They were all introduced to a woman named Betsy, an attractive thirtysomething Bahamian who tended to the elderly sisters’ needs. She had already set up lunch on what the sisters referred to as their spring porch, a back porch with a tiled floor and screened windows that caught the sea breezes.

Lunch was a feast. Salad with berries and nuts, blackened grouper, vegetarian pasta-just in case-and all manner of fresh-baked breads.

The conversation was light at first as David and Sean talked about a few of their foreign exploits with photography and film, and Katie explained how she had wanted to come home to live, and thus formed her corporation, Katie-oke.

They were delighted.

“I used to carry quite a melody in my day!” Alice assured her.

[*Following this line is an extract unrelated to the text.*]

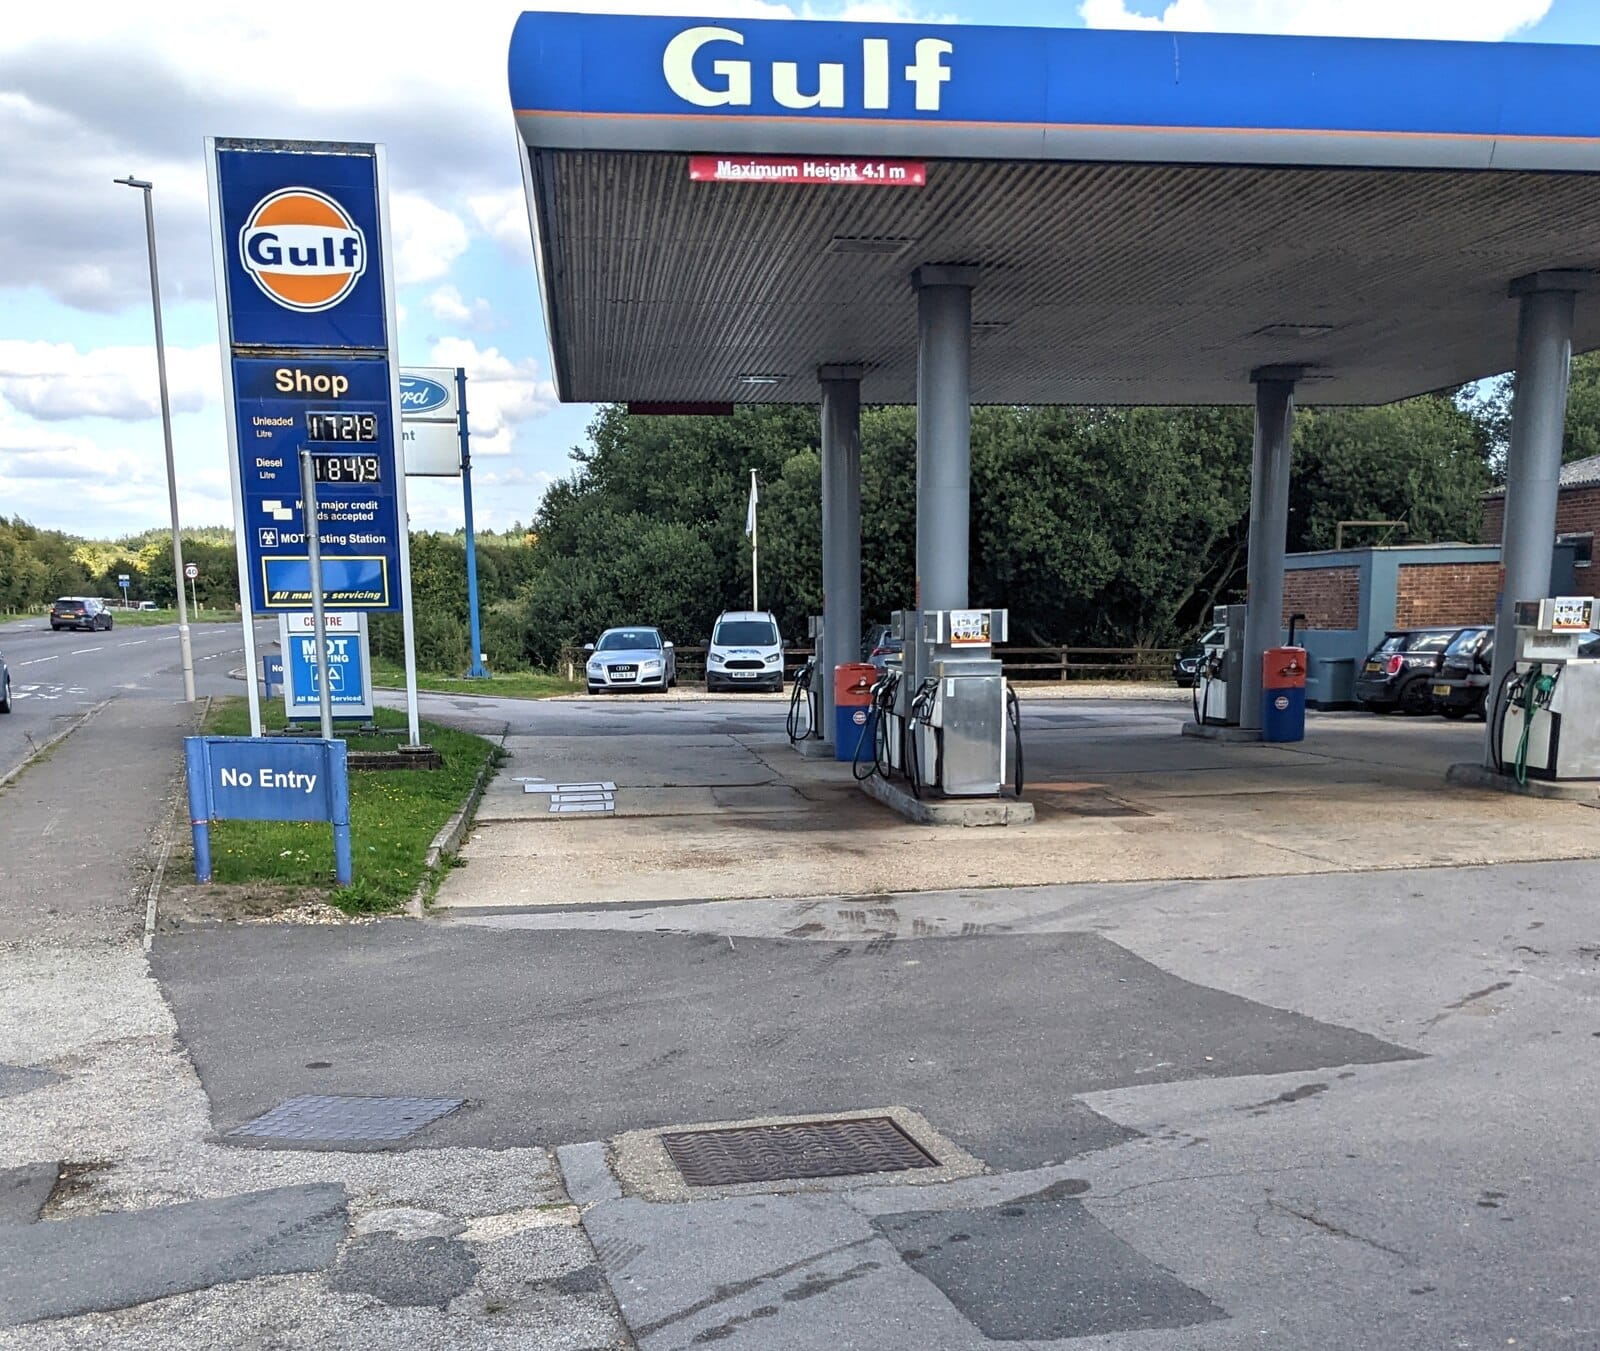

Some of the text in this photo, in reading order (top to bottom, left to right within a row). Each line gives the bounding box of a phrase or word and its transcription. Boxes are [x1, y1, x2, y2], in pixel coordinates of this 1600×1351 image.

“Ever hear a honking swan?” Esther asked.

“Esther!” Alice chastised.

“I’m teasing you, dear, of course!” Esther said. “My sister still has a lovely voice for a torch song.”

“I’ll have to get you in there,” Katie told her.

“Well, certainly, but not until Fantasy Fest is over,” Alice said.

Later, when pecan pie had been served, they moved out to the parlor for “a touch of sherry,” as Alice phrased it.

“Excellent for the constitution,” Esther assured them.

“What is that, Aunt Alice?” David asked, pointing to a large ledgerlike book that sat atop the mantel.

“That?” Alice replied. “That is our family history, young man. It’s always been there. You’ve never asked before.”

“May I?” he asked.

“Certainly. We’ve been here forever-but then your family has, too, Katie, Sean.”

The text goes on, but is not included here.